**Exercise description**
Please output the data exactly, minus pictures.

# # #

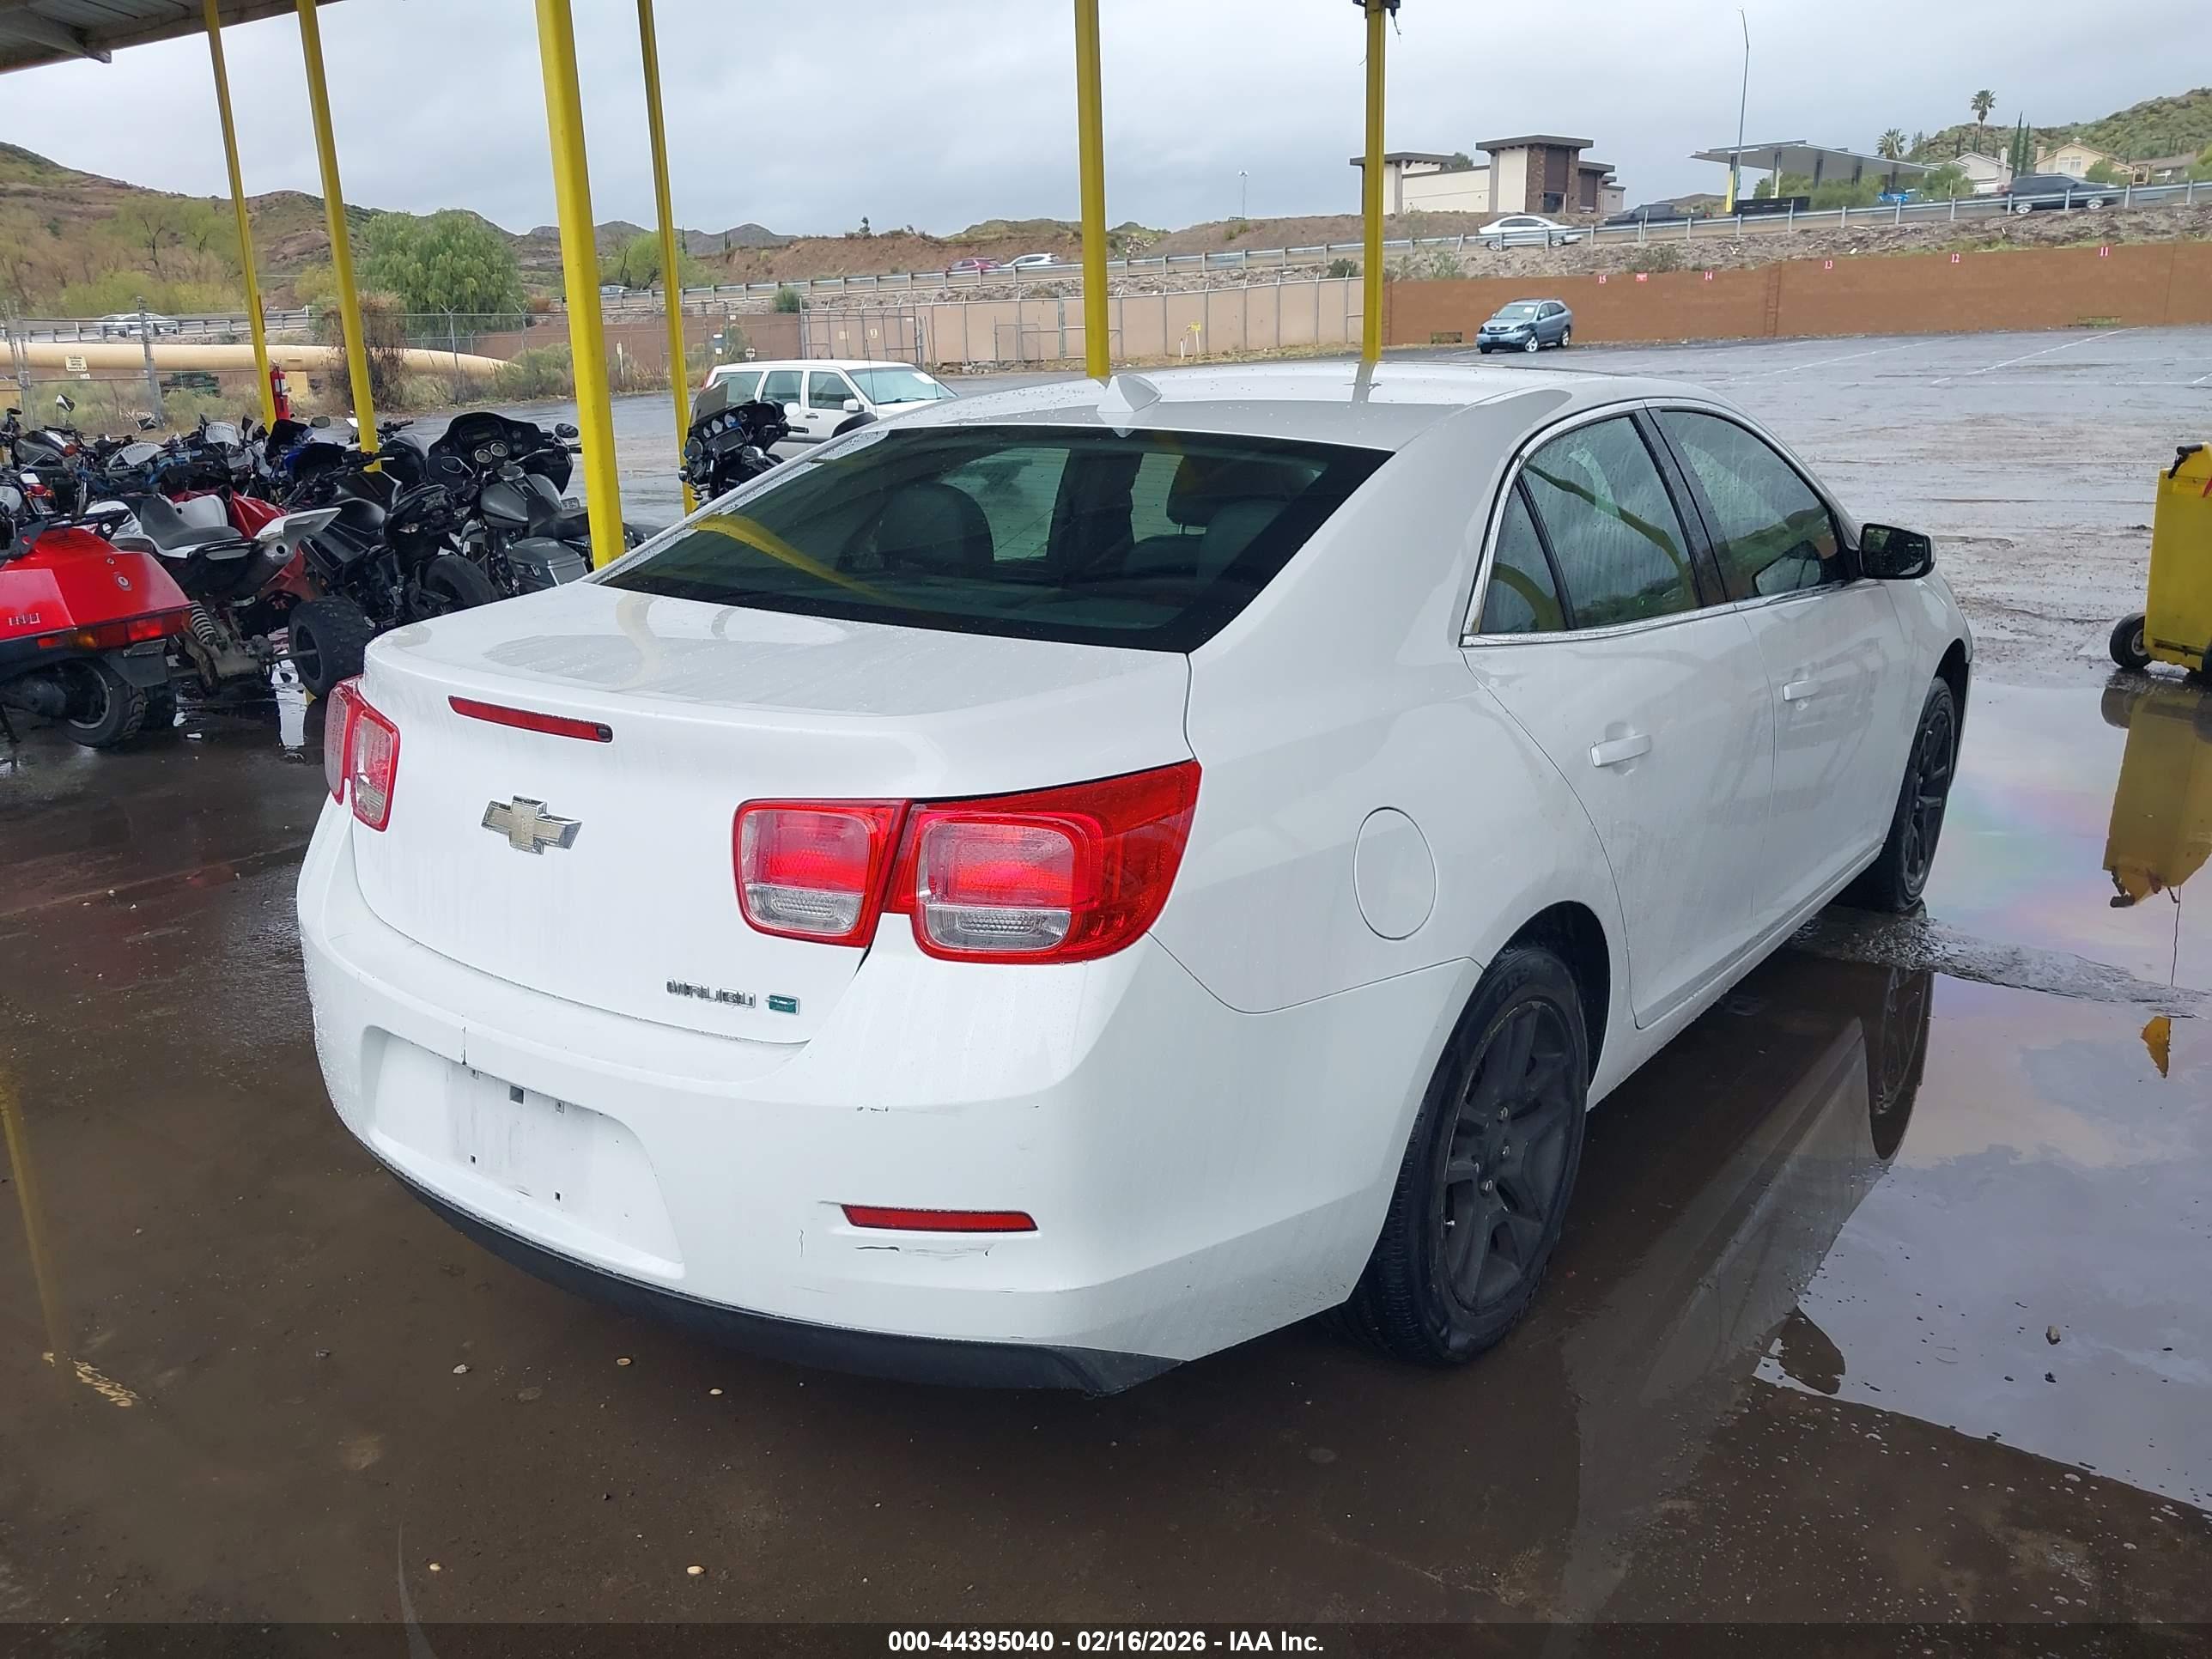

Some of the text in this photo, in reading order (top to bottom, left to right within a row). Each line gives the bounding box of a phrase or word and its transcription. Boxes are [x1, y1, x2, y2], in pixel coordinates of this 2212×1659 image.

[2100, 246, 2109, 257] 11
[1951, 253, 1960, 263] 12
[1824, 260, 1833, 269] 13
[1598, 275, 1607, 283] 15
[1705, 271, 1713, 281] 14

# # #

**Expected output**
Some of the text in this photo, in reading order (top to bottom, left to right within a row). Each line gives the bounding box of a phrase or word and its transcription. Boxes are [x1, y1, x2, y2], in pixel coordinates of this 2212×1659 image.

[2100, 246, 2109, 257] 11
[1951, 253, 1960, 263] 12
[1824, 260, 1833, 269] 13
[1598, 275, 1607, 283] 15
[1705, 271, 1713, 281] 14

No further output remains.